Affects: since Release v5.3.5 up to curent v5.3.14 via commit 1ef8cad of issue #26649

If for some reason the production system must be temporarily running at the DEBUG level, there might be a security issue.

If a gateway error occurs in that time while the gateway communicating with the backend server, the API response additionally contains the local IP and remote IP. Thus we are exposing network details to the outside world, which should not be done.

{"timestamp":1641298126366,"path":"/api/endpoint","status":504,"error":"Gateway Timeout","requestId":"b35a8d76-10, L:/10.1.50.20:8080 - R:/10.1.50.10:45686"}

The extended log file information is fine for me, there I see the IPs. It's just the API response with too much private details.

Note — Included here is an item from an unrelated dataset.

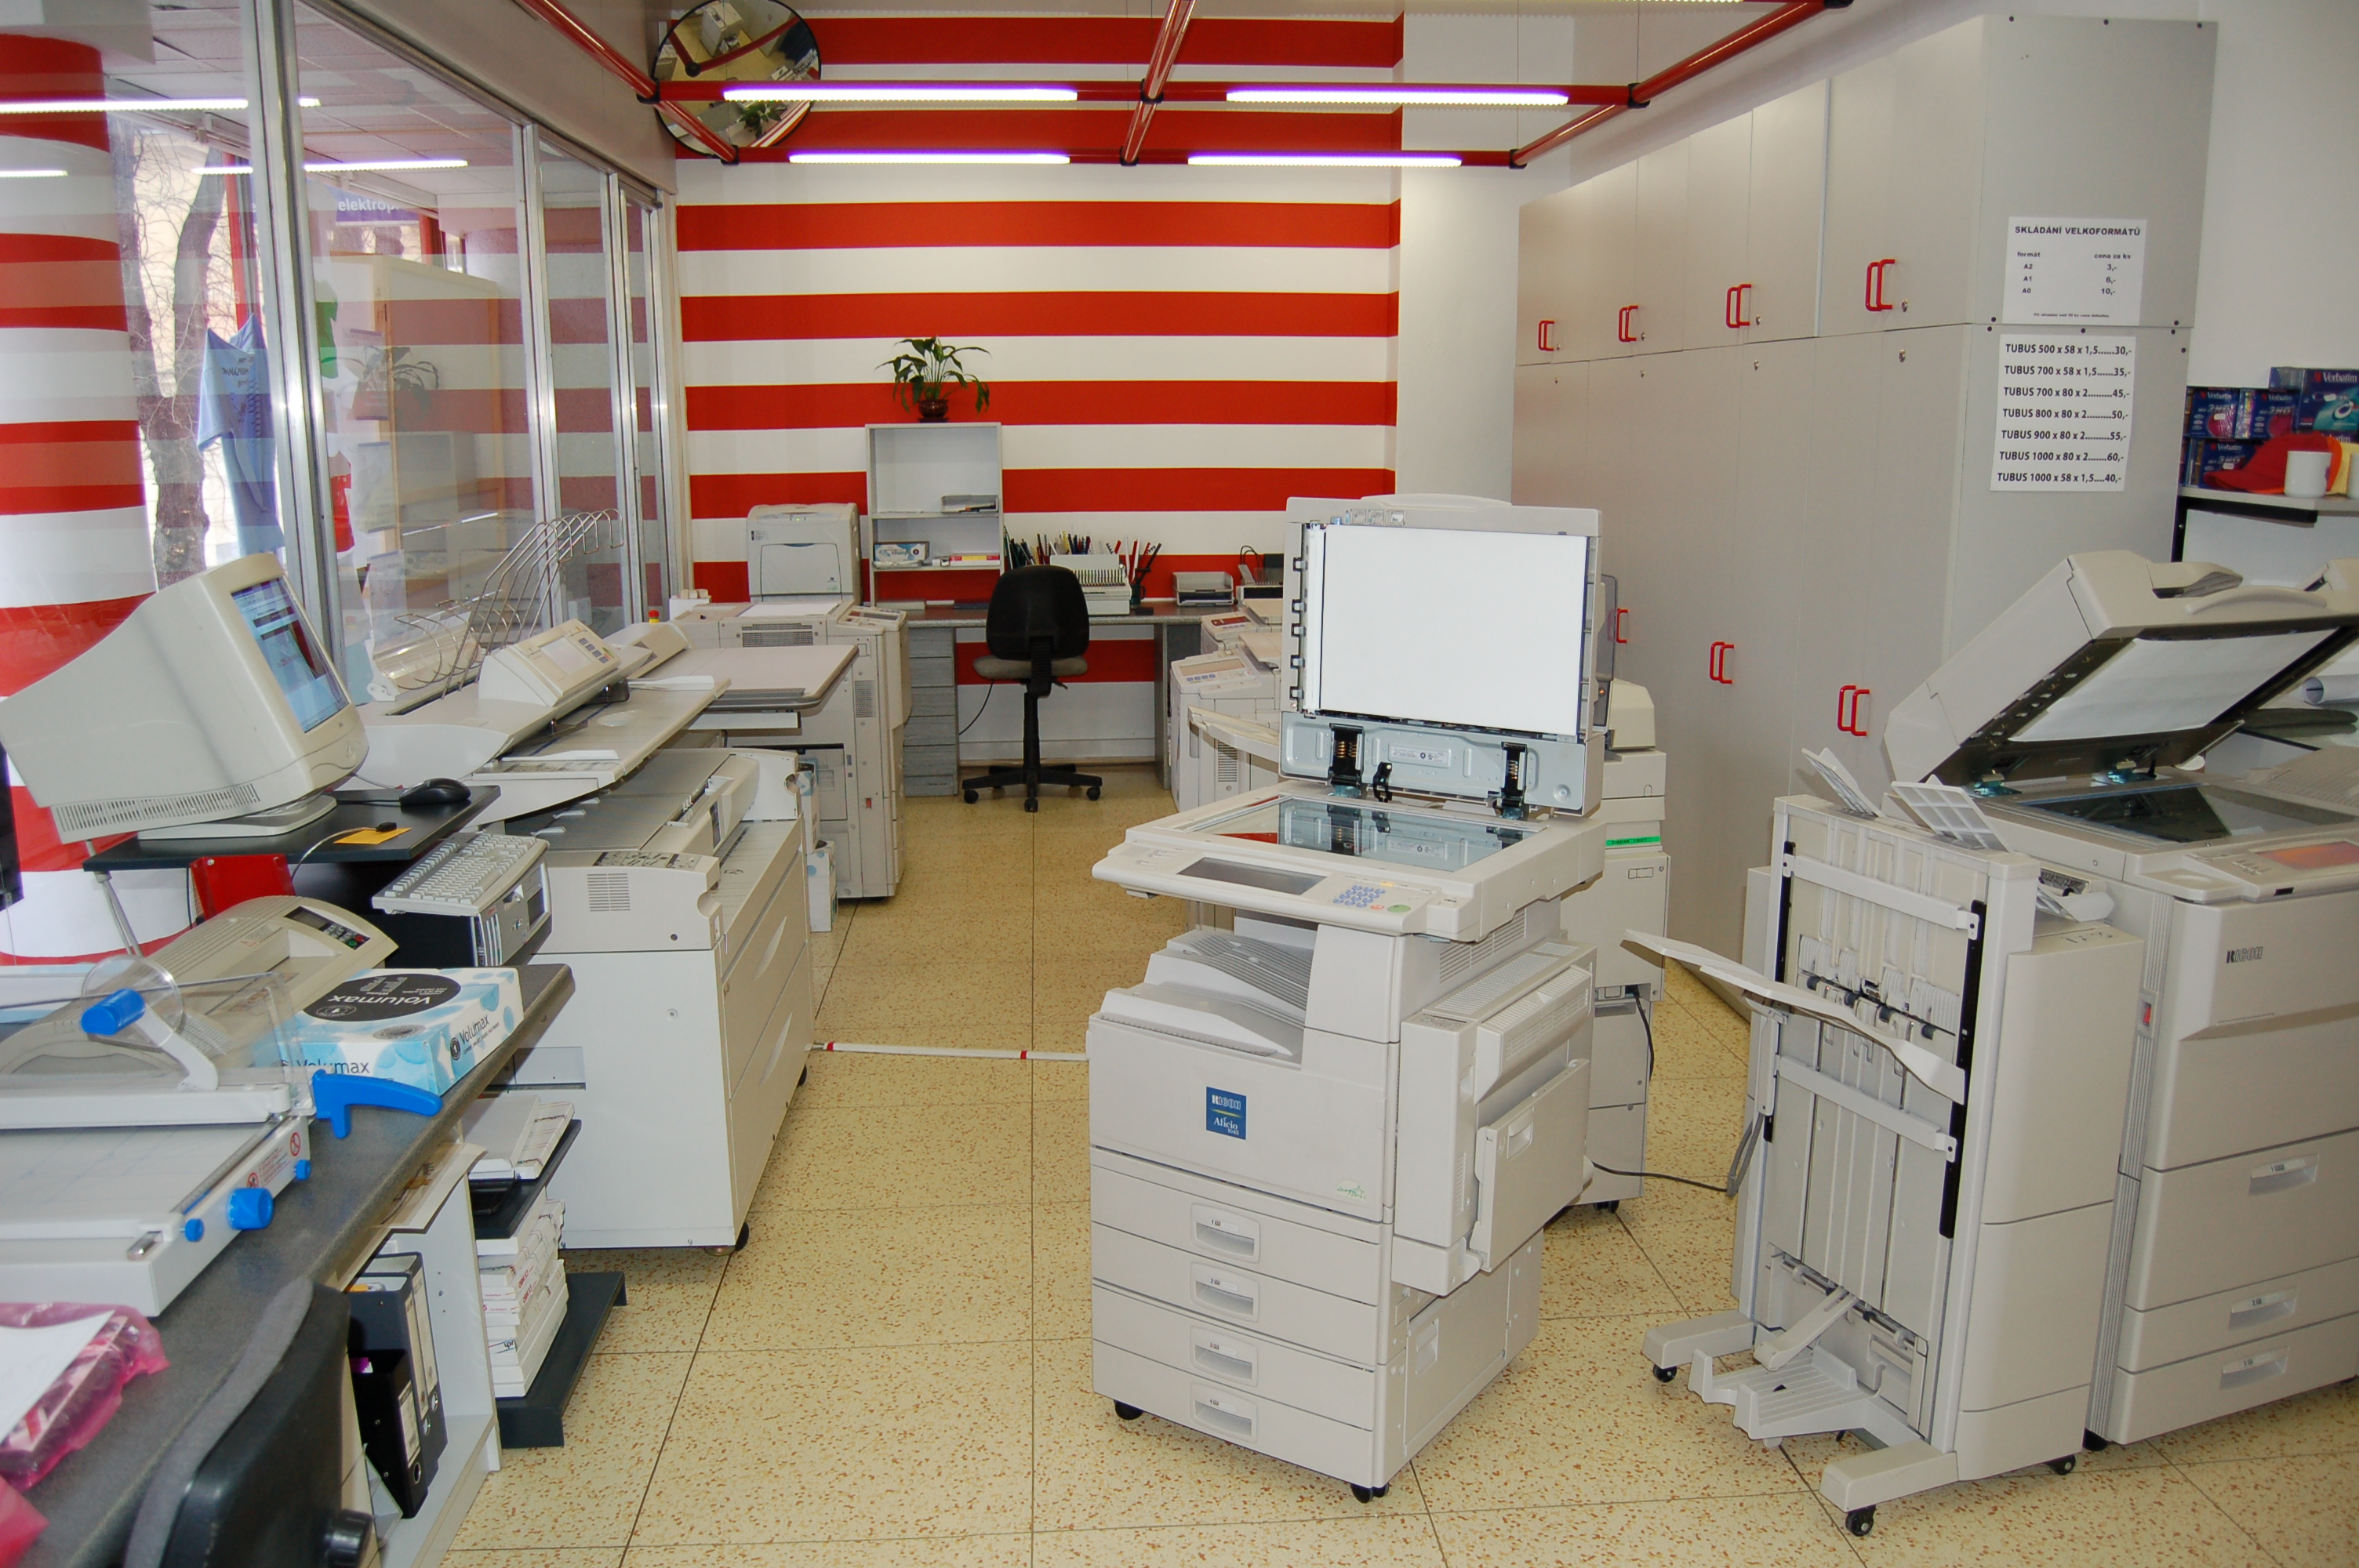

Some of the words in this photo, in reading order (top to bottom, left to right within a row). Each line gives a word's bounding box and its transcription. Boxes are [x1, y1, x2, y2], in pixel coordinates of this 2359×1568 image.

As an attacker I obtain details about two systems: 10.1.50.20 == internal gateway IP 10.1.50.10 == internal TLS-Endpoint IP in front of the gateway, not the public one The attacker can now combine this info with other vulnerabilities (maybe in other components), e.g. some SSRF as he knows the internal IP infrastructure. No up-to-date Apache httpd running? --> CVE-2021-40438 No up-to-date Keycloak running? --> CVE-2020-10770

My Mitigation: My current work around is to set this one log channel to INFO level Logback XML notation:

<logger name="org.springframework.http.server.reactive.ReactorServerHttpRequest" level="INFO" />

or in application.properties:

logging.level.org.springframework.http.server.reactive.ReactorServerHttpRequest=INFO

related code is that part: https://github.com/spring-projects/spring-framework/blob/main/spring-web/src/main/java/org/springframework/http/server/reactive/ReactorServerHttpRequest.java#L222-L224

To easily reproduce the problem, set up very small timeout values (1 ms) for the gateway as the client: httpclient.connectionTimeout: 1 httpclient.receiveTimeout: 1

Comment From: quaff

I prefer to keep current behavior.

Comment From: alefq

I suggest you do not expose DEBUG level info with your outside clients. If you only need debug level for specific scenarios, you can change log levels at runtime with Spring Boot Actuator.

Comment From: rstoyanchev

Thanks for the report @psytester. I think we can make an improvement such that the logPrefix remains as it is currently, because it useful to log this at debug info, but the requestId should be more of an identifier and not include additional debugging info.